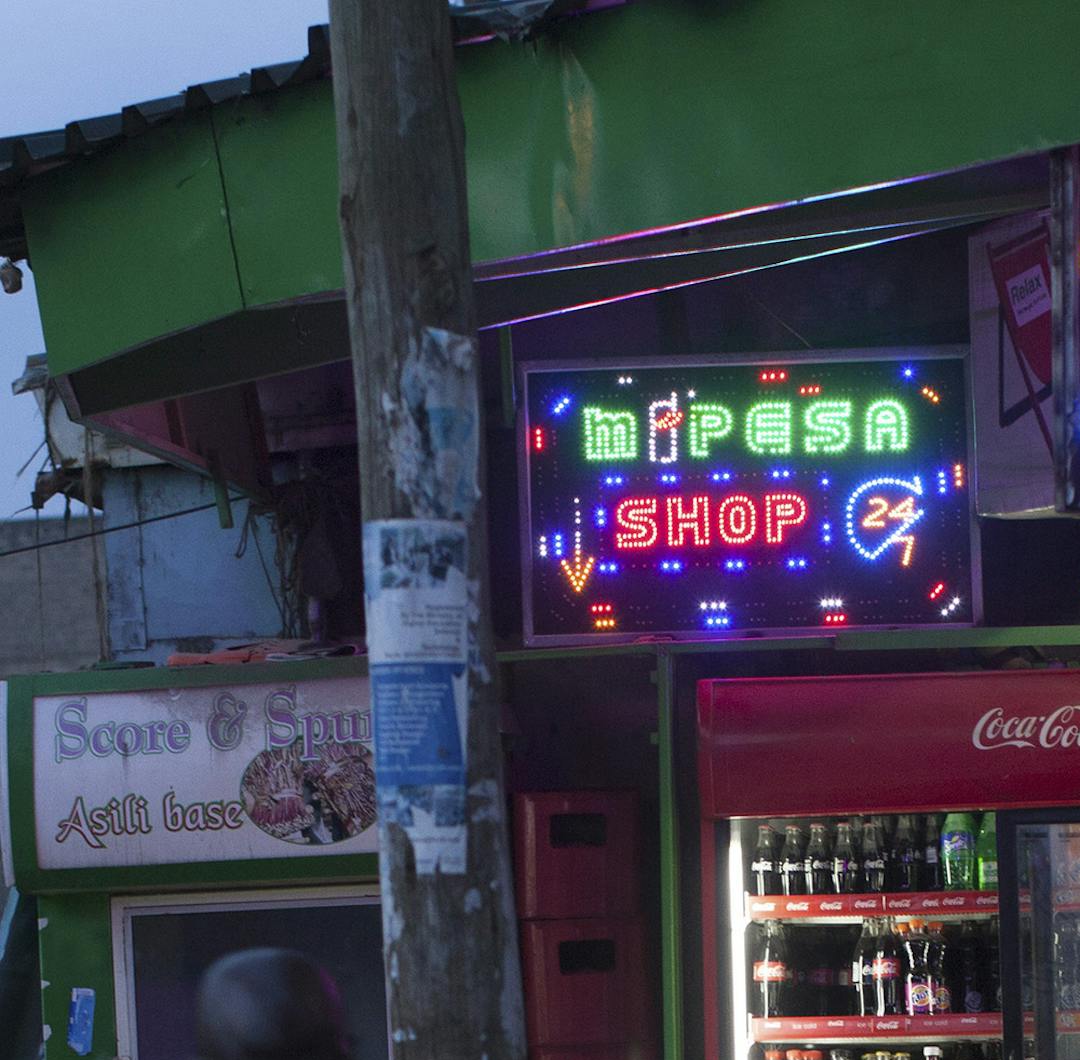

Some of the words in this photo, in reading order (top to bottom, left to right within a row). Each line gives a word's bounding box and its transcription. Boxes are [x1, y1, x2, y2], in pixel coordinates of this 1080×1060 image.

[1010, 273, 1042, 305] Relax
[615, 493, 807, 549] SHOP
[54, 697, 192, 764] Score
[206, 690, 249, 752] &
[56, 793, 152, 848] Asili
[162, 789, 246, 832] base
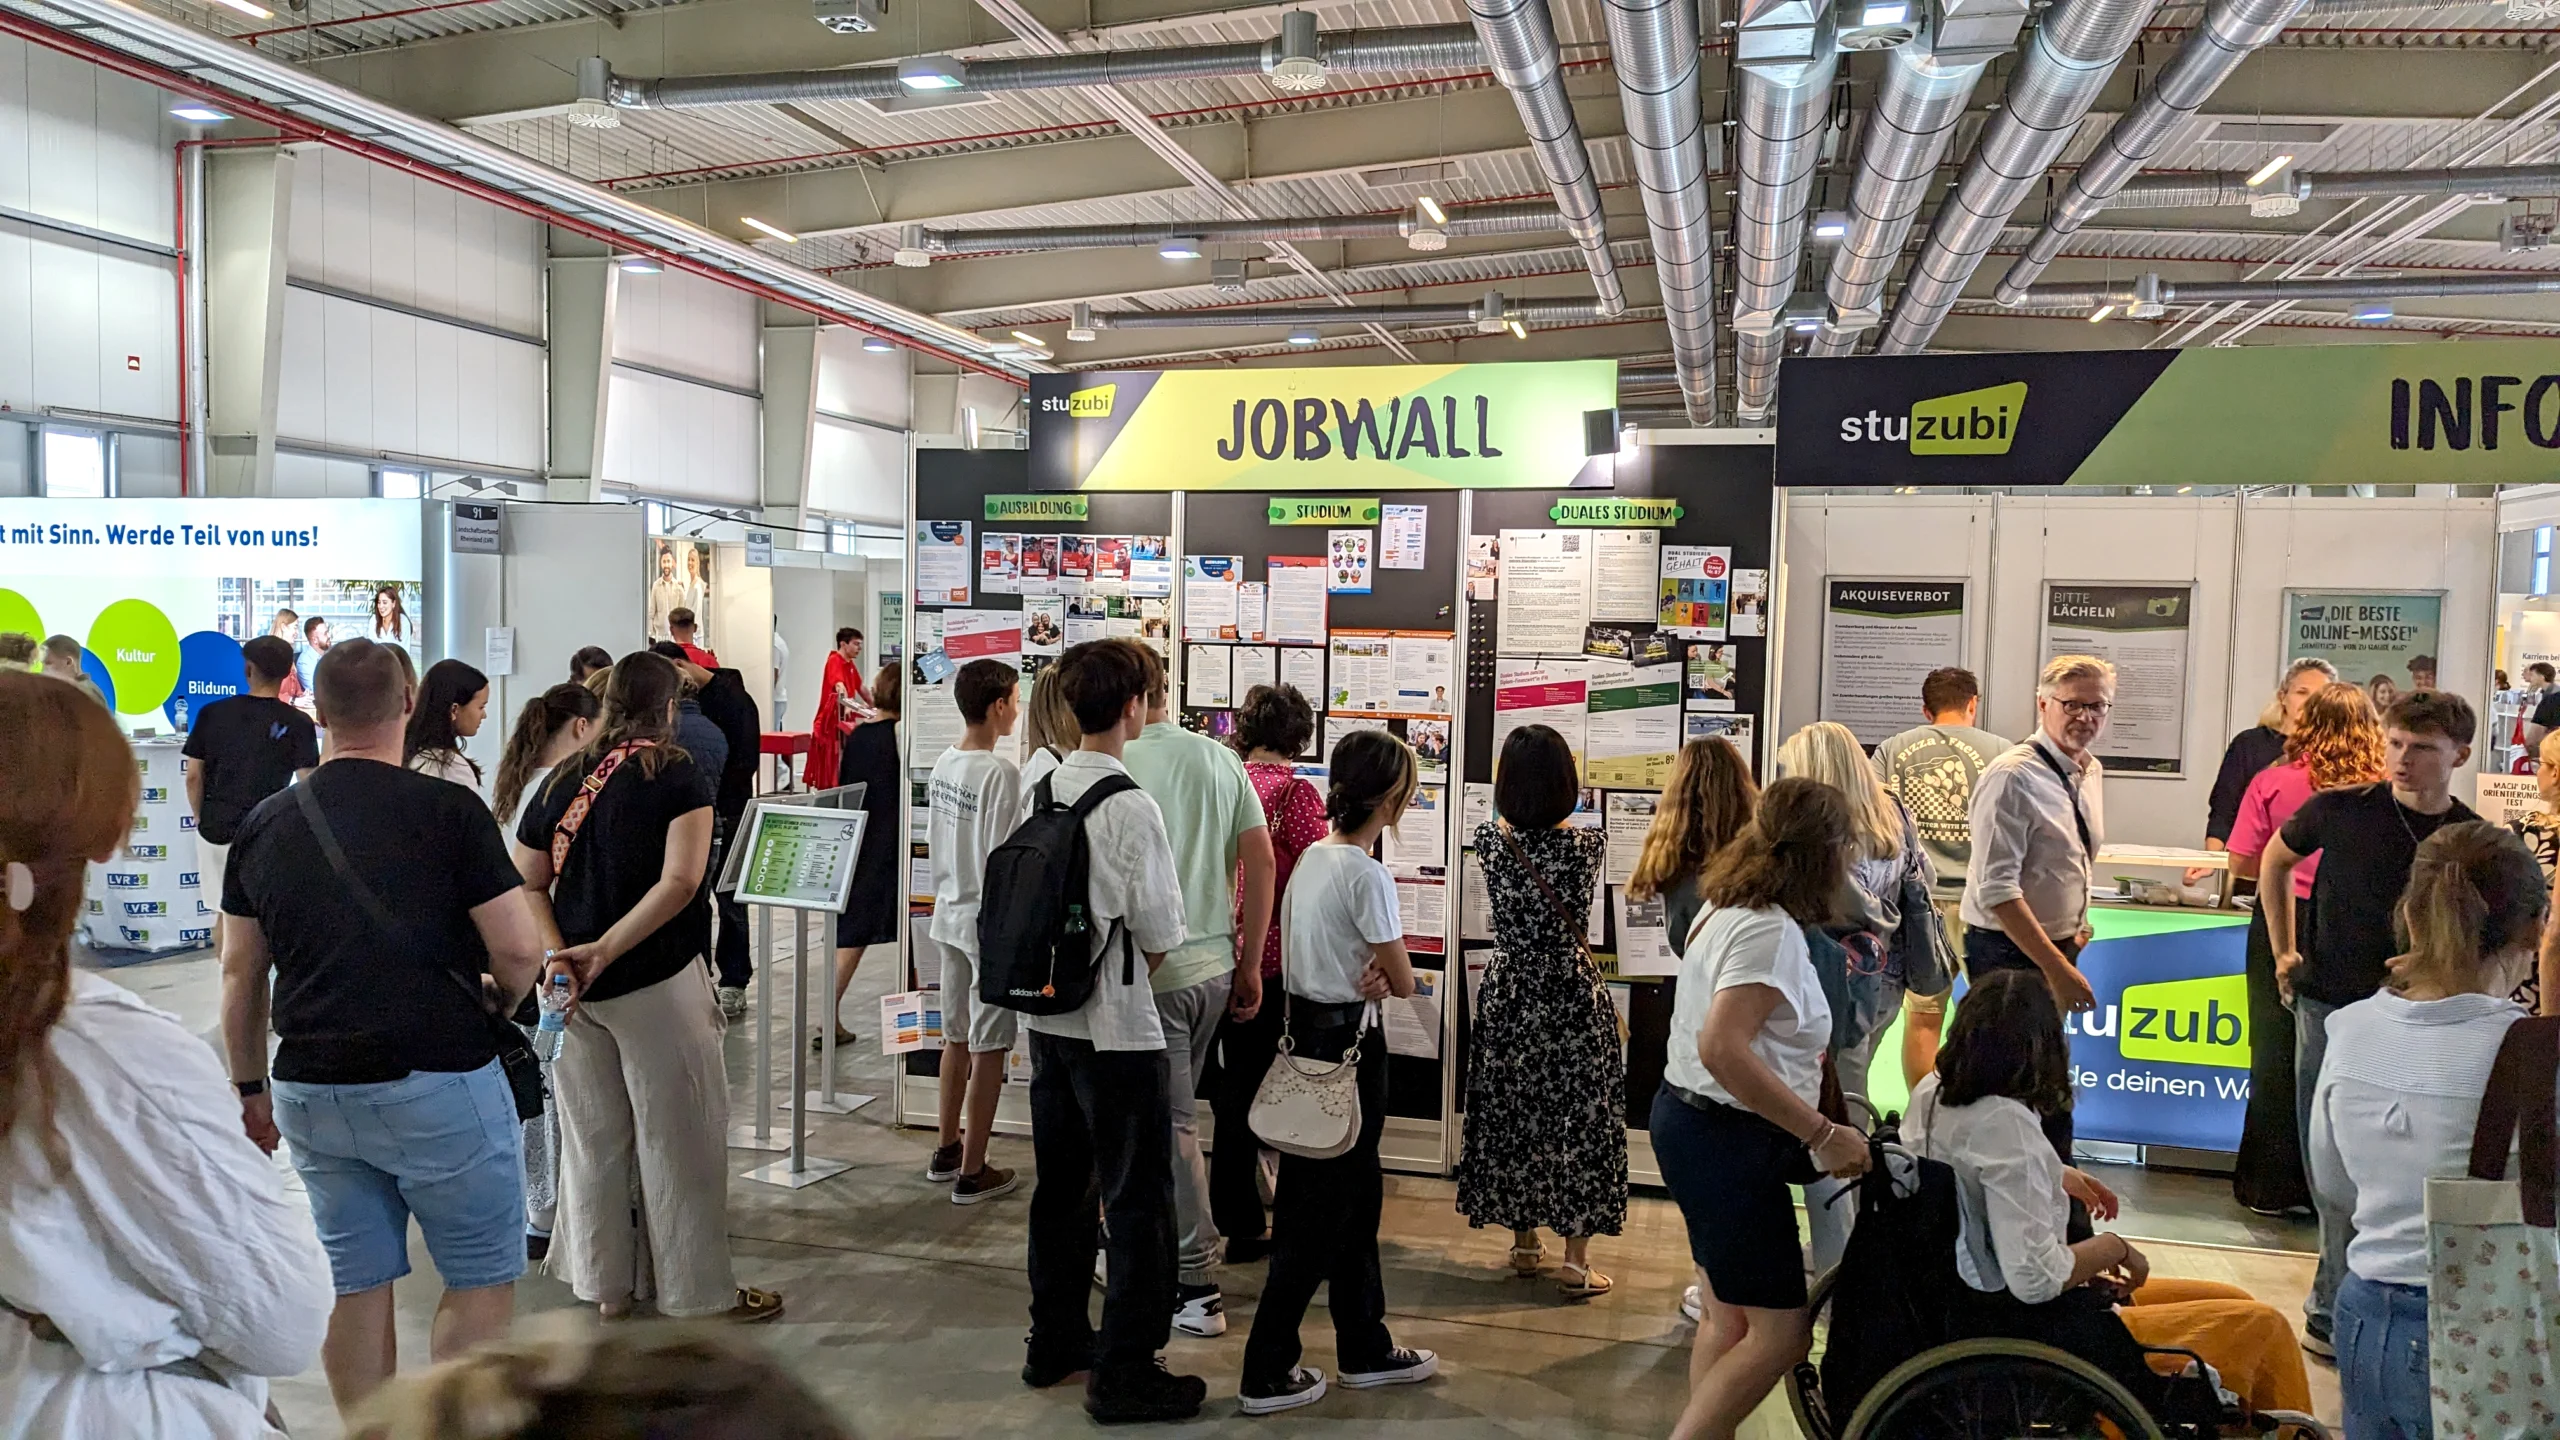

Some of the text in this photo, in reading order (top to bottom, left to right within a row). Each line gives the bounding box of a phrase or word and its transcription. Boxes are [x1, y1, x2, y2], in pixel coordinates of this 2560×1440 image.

===============

*WHAT THE EXERCISE ASKS*. Please output all the data exactly as given, with the pictures omitted.

*ANSWER FOR THIS EXERCISE*.
Some of the words in this photo, in reading order (top to bottom, left to right within a row). Each line gives a word's bounding box and its transcription. Boxes are [x1, y1, x2, y2], in pixel coordinates of this 1080×1060 image.

[1010, 273, 1042, 305] Relax
[615, 493, 807, 549] SHOP
[54, 697, 192, 764] Score
[206, 690, 249, 752] &
[56, 793, 152, 848] Asili
[162, 789, 246, 832] base

Some of the text in this photo, in reading order (top to bottom, left to right within a row). Each line gives the bounding box of a phrase or word and its transcription. Boxes are [x1, y1, x2, y2], in pixel coordinates of this 2560×1440 image.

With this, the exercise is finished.